UKOLN
Raising Awareness

"A centre of excellence in digital information management, providing advice and services to the library, information and cultural heritage communities."

UKOLN is based at the University of Bath.
I2S2 logo

Events

Scaling Up to Integrated Research Data Management Workshop, IDCC 2010, 6th December 2010, Chicago

Organisers: Manjula Patel & Liz Lyon, DCC & UKOLN, University of Bath, UK.

Overview: Structural Science incorporates a number of disciplines including Chemistry, Physics, Materials, Earth, Life, Medical, Engineering, and Technology. Within these disciplinary communities scientific research is conducted at a range of differing scales involving the use of small laboratory equipment to institutional installations to large scale facilities such as the synchrotron facilities at CERN, the DIAMOND Light Source (DLS) and ISIS, based at the Science and Technology Facilities Council (STFC).

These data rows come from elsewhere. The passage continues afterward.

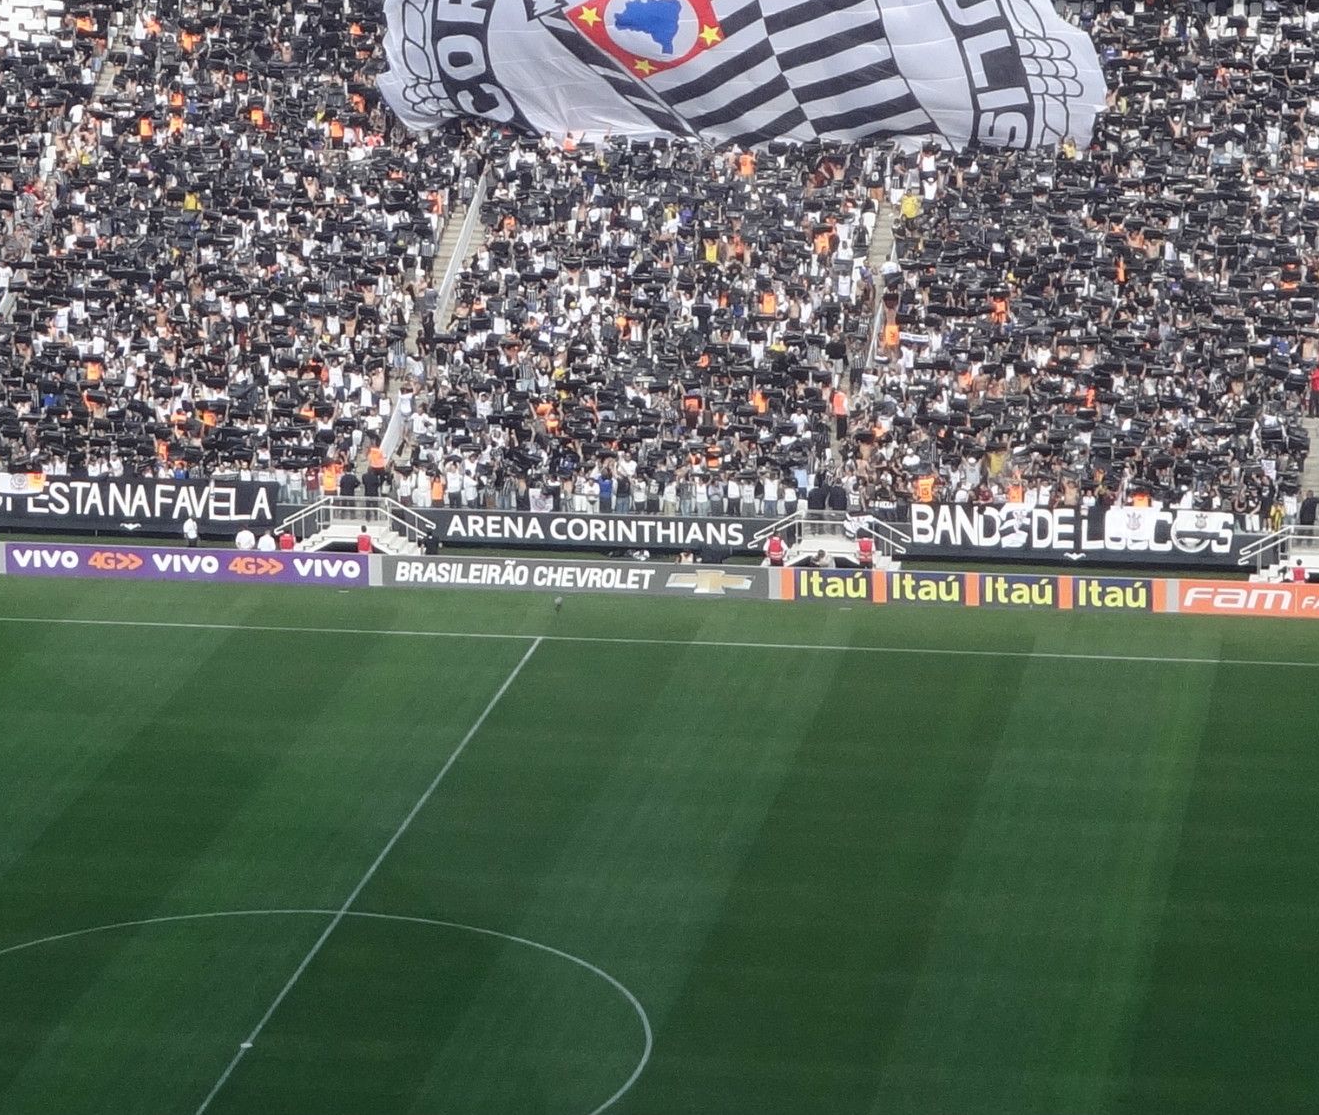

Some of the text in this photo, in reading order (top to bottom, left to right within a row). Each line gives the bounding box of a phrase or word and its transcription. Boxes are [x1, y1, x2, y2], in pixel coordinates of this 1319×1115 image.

[447, 515, 744, 546] ARENA CORINTHIANS
[1032, 508, 1075, 549] DE
[396, 558, 655, 590] BRASILEIRÃO CHEVROLET
[800, 570, 1147, 607] Itaú Itaú Itaú Itaú
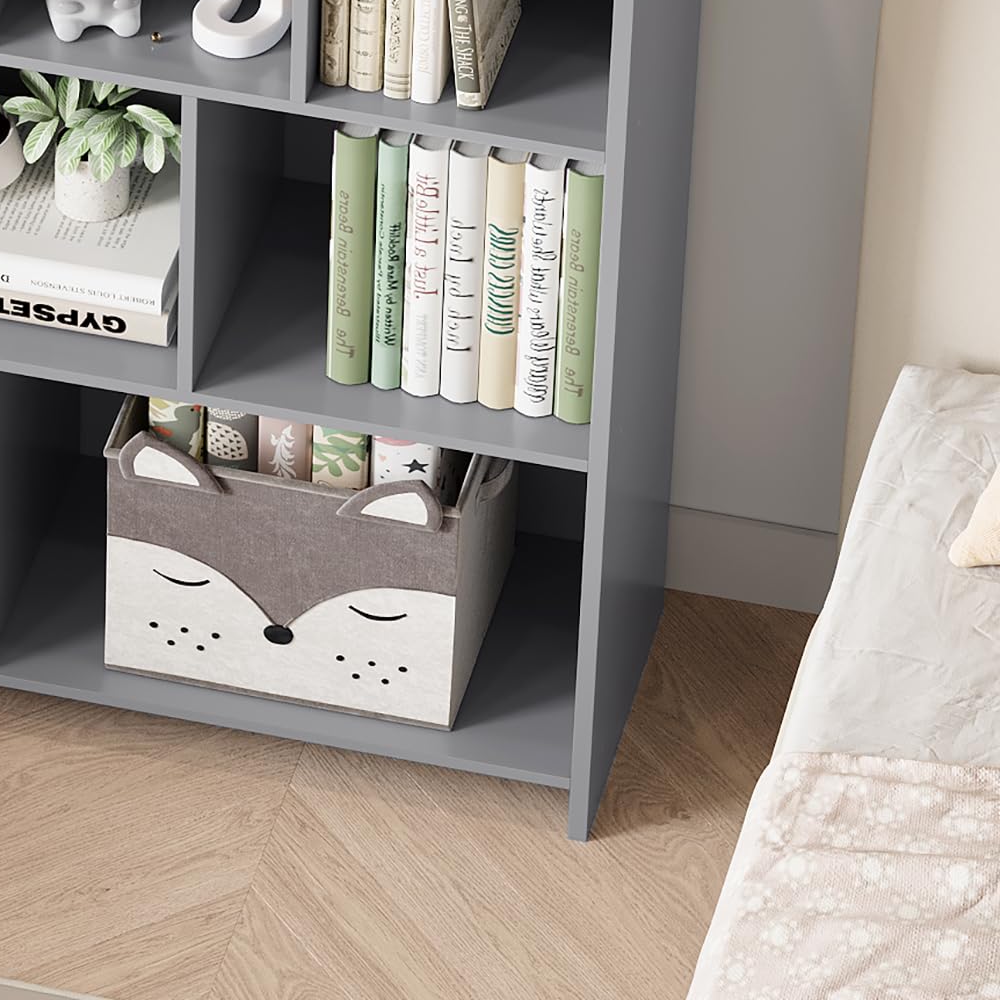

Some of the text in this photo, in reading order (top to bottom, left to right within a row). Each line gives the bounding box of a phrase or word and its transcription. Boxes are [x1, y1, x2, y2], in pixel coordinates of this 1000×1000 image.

[454, 24, 473, 45] THE
[456, 46, 475, 81] SHACK
[29, 279, 87, 295] STEVENSON
[119, 293, 156, 306] ROBERT

With improvements in technology there is an increasing demand to make available raw, processed and derived data for validation and reanalysis purposes, necessitating data management of these types of data as well as the final results data. It is however apparent, that many research teams capture, manage, discuss and disseminate their data in relative isolation with highly fragmented data infrastructures and poorly integrated software applications. In addition, a low awareness of data curation and preservation issues leads to data loss and reduced productivity. On the other hand, large centralised facilities have a responsibility to provide a data management infrastructure for their users and have spent considerable effort designing and implementing such systems. The outcome is that each large-scale facility has its own, often insular approach to data management resulting in vast ‘data silos’. This workshop organised by the JISC funded I2S2 (Infrastructure for Integration in Structural Sciences) Project aims to explore and highlight a variety of ways currently under investigation to alleviate data management problems resulting from working at differing scales of science and across organisational boundaries.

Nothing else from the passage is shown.